Фотография была старая. Эва не любила сниматься. Когда выдавали удостоверение личности, мы вместе пошли в полицию, и я помню, что женщина, выписывавшая нам документы, не хотела брать у Эвы карточку, потому что та была еще со школьных времен. Эва очень коротко стригла тогда волосы, хотя это было еще не модно, и черты ее лица выглядели на снимке грубее, чем на самом деле.
Комиссар вынул из левого ящика стола синюю папку, открыл ее:
— Я могу рассказать вам о случившемся, если вы не будете волноваться.
— Да, пожалуйста, расскажите мне все, господин комиссар. Мне все надо знать!
Деловым тоном, в котором все-таки слышалось, как сильно он потрясен, комиссар поведал мне, что Эву нашли в лесу, неподалеку от озера, школьники. Под головой у нее лежала голубая вязаная кофточка. Она перерезала себе вены.
— Я сам поехал туда первым. Сведения, полученные из Берлина, и установленные нами печальные факты говорят о том, что ваша сестра, очевидно чем-то потрясенная, ушла в четверг утром из школы, но сюда пришла только к вечеру. По словам смотрителя шлюза, она два, а то и три часа стояла на мосту, а потом побрела в лес. Она лежит в мертвецкой, — помолчав минуту, добавил комиссар. — Я уже получил разрешение судебных органов. Вы можете заняться похоронами.
— Не оставила ли она записки? — спросила я глухо.
— Да, — ответил комиссар, — записка лежала около нее в траве.
Он протянул мне через стол бумажку. Клочок, поспешно вырванный из записной книжки, в мокрых пятнах: «Простите! Но у меня нет другого выхода!» Записка была написана карандашом, ее обычным мелким и угловатым почерком.
— Не буду вас сейчас спрашивать о причинах самоубийства, — тихо сказал комиссар. — Видно, она не выдержала. Однако говорить об этом нам еще придется, и не только по личным обстоятельствам, но и в интересах дела. Многие причины, ведущие к самоубийству, в нашем обществе уничтожены. Тем не менее самоубийства случаются. Нам надо попытаться выяснить эти причины, чтобы устранять их.
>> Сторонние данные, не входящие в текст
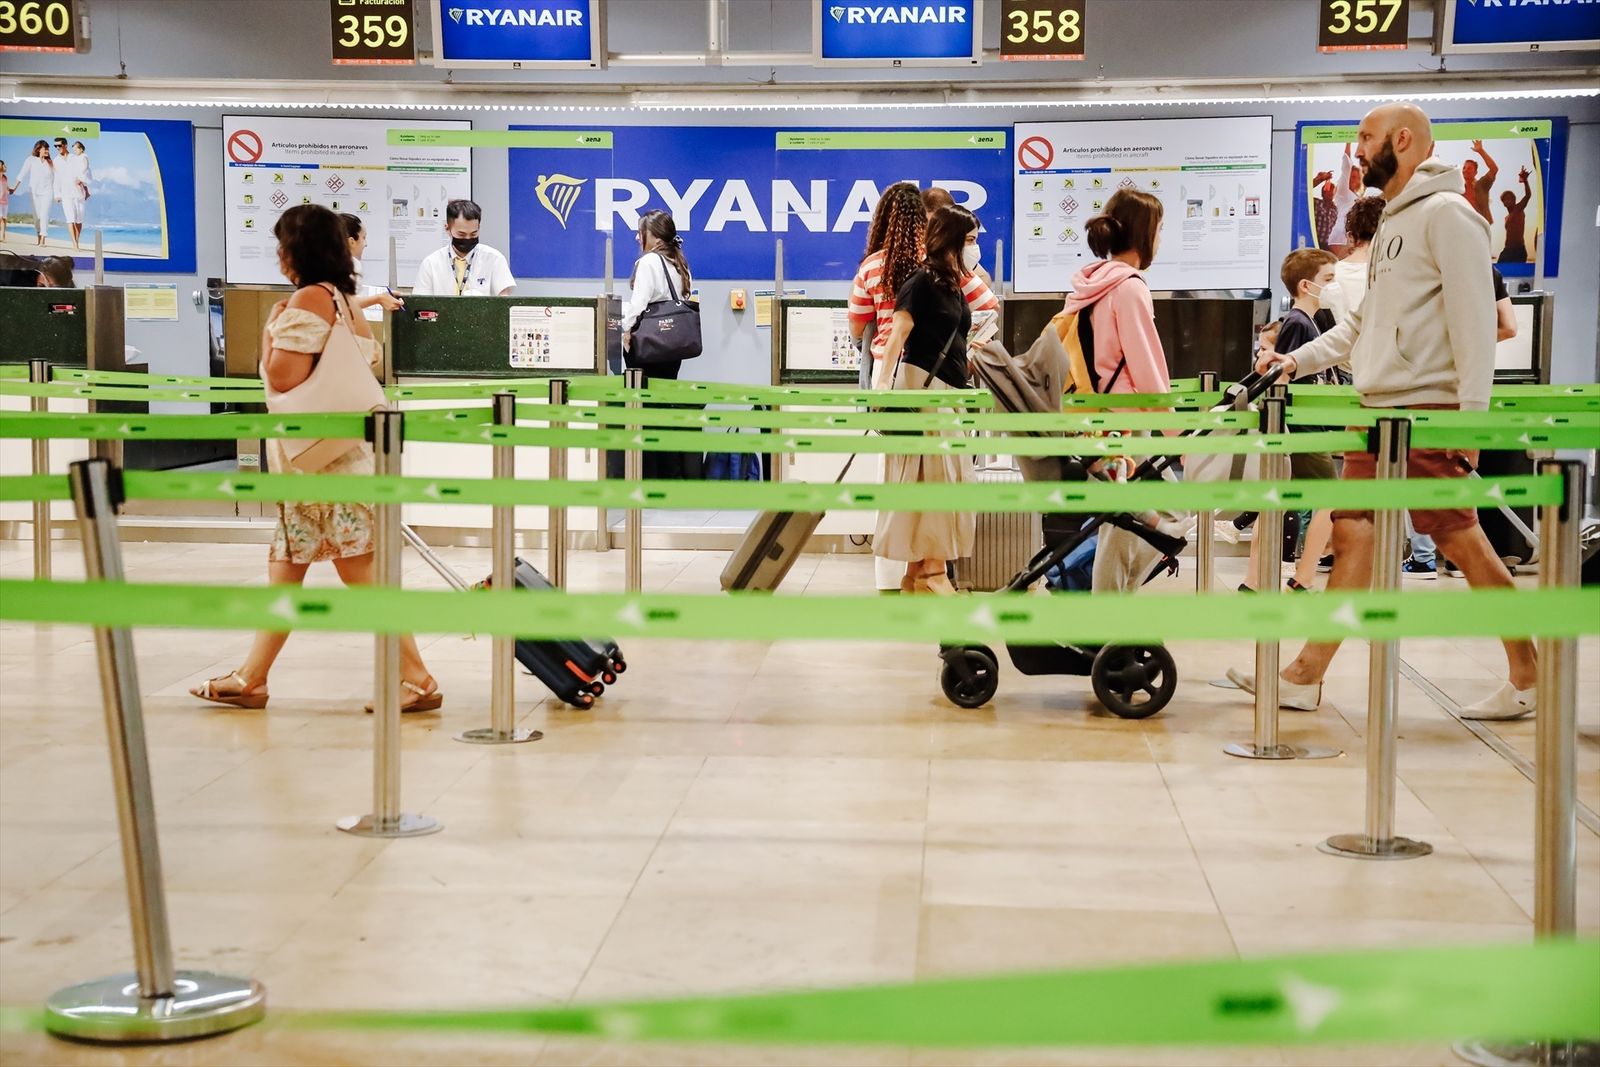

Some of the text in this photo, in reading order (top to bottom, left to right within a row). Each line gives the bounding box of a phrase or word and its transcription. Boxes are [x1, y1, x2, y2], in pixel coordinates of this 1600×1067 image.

— Да, — согласилась я. — Нам надо это сделать непременно. Кое-что мне известно, и все же я не понимаю се поступка. Она, видимо, себя не помнила!
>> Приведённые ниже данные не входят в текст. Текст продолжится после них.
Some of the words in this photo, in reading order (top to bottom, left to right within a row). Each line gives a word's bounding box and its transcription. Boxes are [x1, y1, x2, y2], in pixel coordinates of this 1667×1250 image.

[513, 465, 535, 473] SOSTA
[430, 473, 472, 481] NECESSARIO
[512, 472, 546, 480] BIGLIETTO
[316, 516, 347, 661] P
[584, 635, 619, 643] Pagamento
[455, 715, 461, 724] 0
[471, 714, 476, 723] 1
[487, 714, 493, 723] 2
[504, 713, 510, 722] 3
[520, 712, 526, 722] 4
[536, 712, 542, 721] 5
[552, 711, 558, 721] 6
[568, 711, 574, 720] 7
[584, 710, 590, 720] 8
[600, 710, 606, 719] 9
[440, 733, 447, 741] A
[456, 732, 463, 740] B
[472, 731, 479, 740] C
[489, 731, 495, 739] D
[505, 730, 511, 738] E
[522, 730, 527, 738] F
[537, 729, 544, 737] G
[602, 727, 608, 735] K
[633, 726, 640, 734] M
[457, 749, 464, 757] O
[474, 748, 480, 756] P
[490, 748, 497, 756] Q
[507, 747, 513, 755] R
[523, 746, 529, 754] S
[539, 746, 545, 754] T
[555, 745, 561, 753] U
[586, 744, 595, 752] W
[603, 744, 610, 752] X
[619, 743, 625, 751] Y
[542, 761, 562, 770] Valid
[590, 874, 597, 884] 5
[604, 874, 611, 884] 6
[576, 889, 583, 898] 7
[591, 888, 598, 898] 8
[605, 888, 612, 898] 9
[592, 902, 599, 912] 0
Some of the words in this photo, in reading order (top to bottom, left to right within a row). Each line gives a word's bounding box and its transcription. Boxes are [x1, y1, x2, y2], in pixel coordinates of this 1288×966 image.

— Или пришла в отчаяние, — добавил комиссар. — Но думаю, об этом мы поговорим позднее. Вам лучше всего было бы немедля позаботиться о перевозке и погребении. Поверьте, для вас сейчас самое лучшее — заняться делами. Сообщите, пожалуйста, когда состоятся похороны.
Коридор казался мне бесконечным. Но вот я снова очутилась на улице, залитой мягким светом осеннего солнца. Под мышкой я держала Эвин портфель. На голубой кофточке, лежавшей сверху, виднелись темные пятна.
С Рандольфом мы встретились на следующее утро у вокзала. Я попросила его поехать со мной, страшась свидания с матерью. Мы мало говорили в поезде и молча шли по безлюдным воскресным улицам тихого городка, мимо средневековых ворот с башней, по Рыночной площади, такой просторной теперь, потому что окружающие ее дома, разрушенные бомбежкой, не восстанавливали.
В этом городе прошло мое детство, и, хотя я давно сжилась с Берлином, мной всегда овладевали воспоминания, когда я шла мимо церкви, мимо позолоченного, сверкающего на солнце орла над аптекой. Но сейчас все приятные воспоминания подавляла одна-единственная мысль, мысль об Эве, у которой не хватило сил вырваться отсюда. И внезапно я возненавидела этот город, который не отпустил от себя Эву, и мне показалось, что он завладевает и мной.
Рандольф, видимо, понял, что со мной происходит, и, словно желая утешить, взял меня под руку. Я даже обрадовалась, но, увидя знакомых, отодвинула его руку.